■ Work instructions ■
Without including any pictures, give back all of the data exactly.

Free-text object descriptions

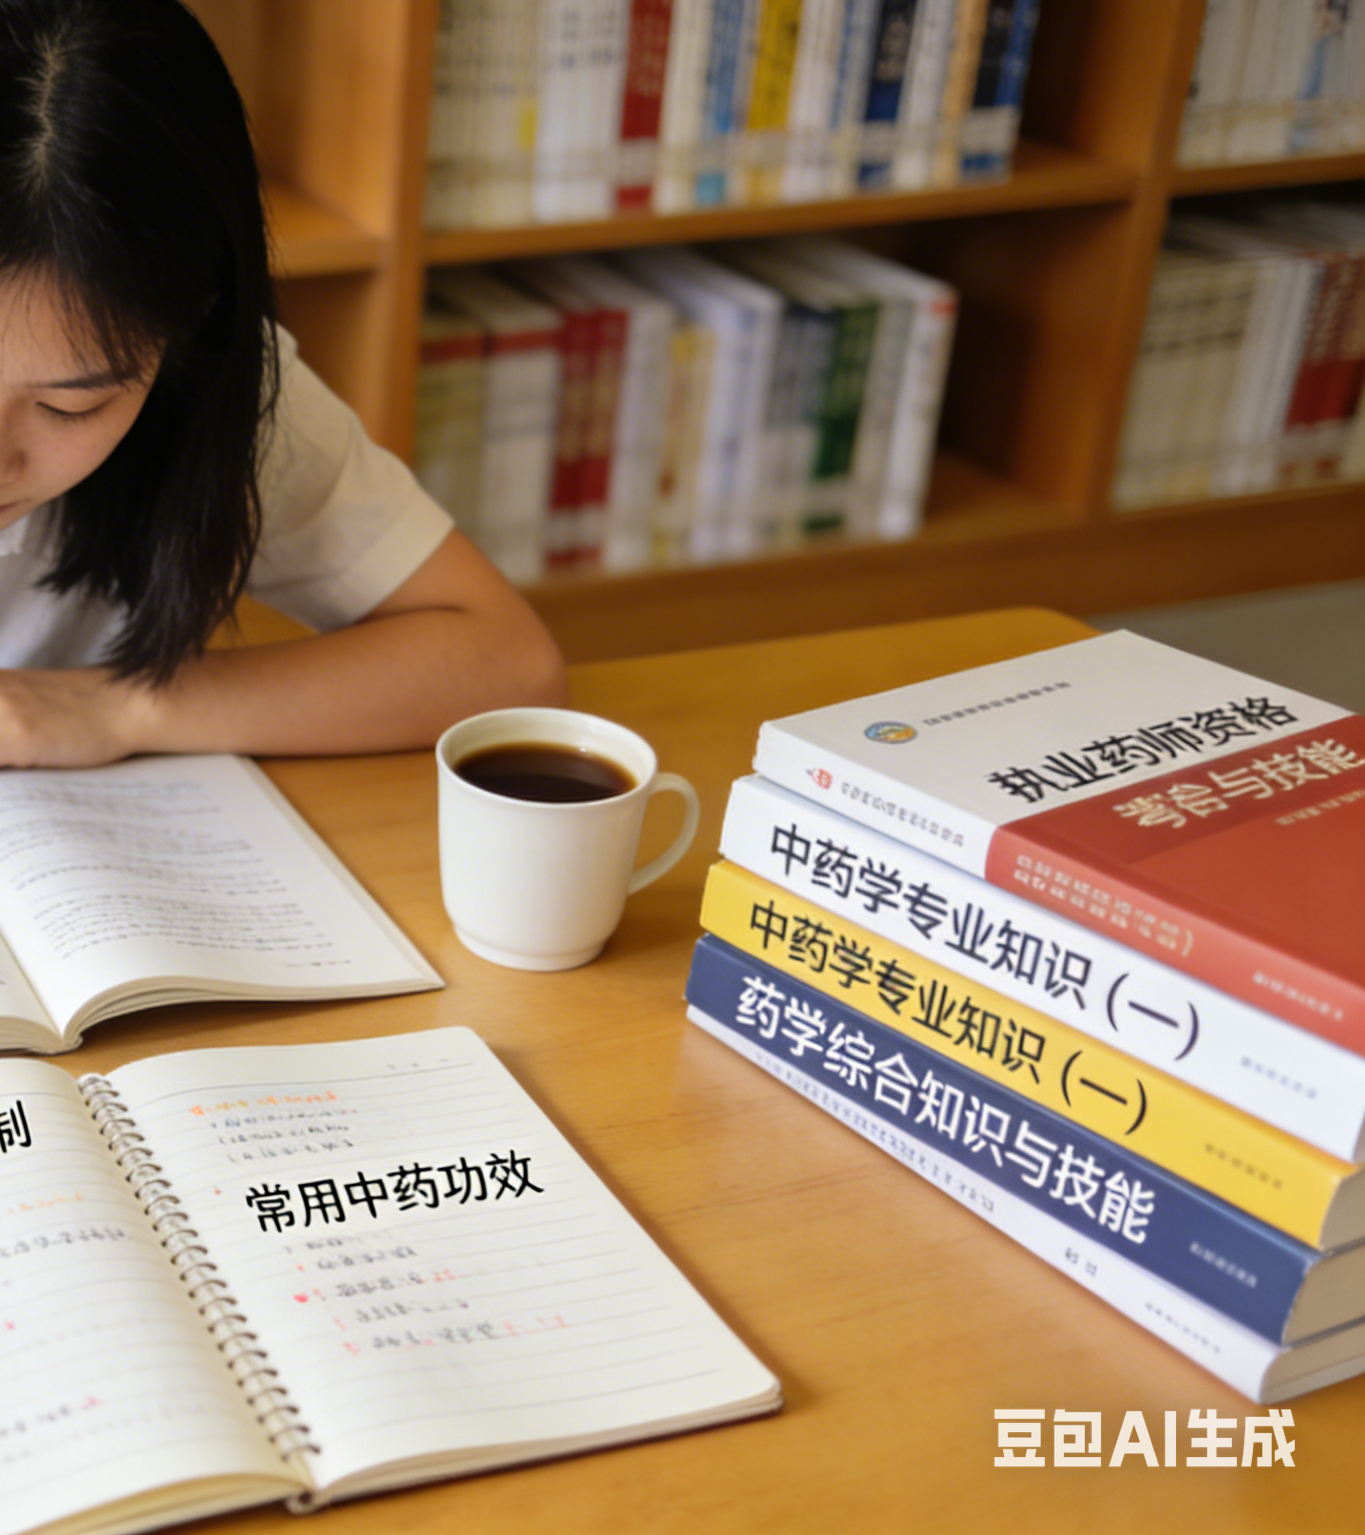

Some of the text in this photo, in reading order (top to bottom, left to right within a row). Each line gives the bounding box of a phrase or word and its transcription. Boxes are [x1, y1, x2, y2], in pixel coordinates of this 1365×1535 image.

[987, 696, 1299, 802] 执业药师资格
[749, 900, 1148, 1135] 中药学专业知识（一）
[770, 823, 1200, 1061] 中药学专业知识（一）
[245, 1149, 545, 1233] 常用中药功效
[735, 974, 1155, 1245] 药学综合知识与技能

■ Your response ■
Some of the text in this photo, in reading order (top to bottom, left to right within a row). Each line gives the bounding box of a phrase or word and its transcription. Boxes are [x1, y1, x2, y2], in pixel coordinates of this 1365×1535 image.

[987, 696, 1299, 802] 执业药师资格
[749, 900, 1148, 1135] 中药学专业知识（一）
[770, 823, 1200, 1061] 中药学专业知识（一）
[245, 1149, 545, 1233] 常用中药功效
[735, 974, 1155, 1245] 药学综合知识与技能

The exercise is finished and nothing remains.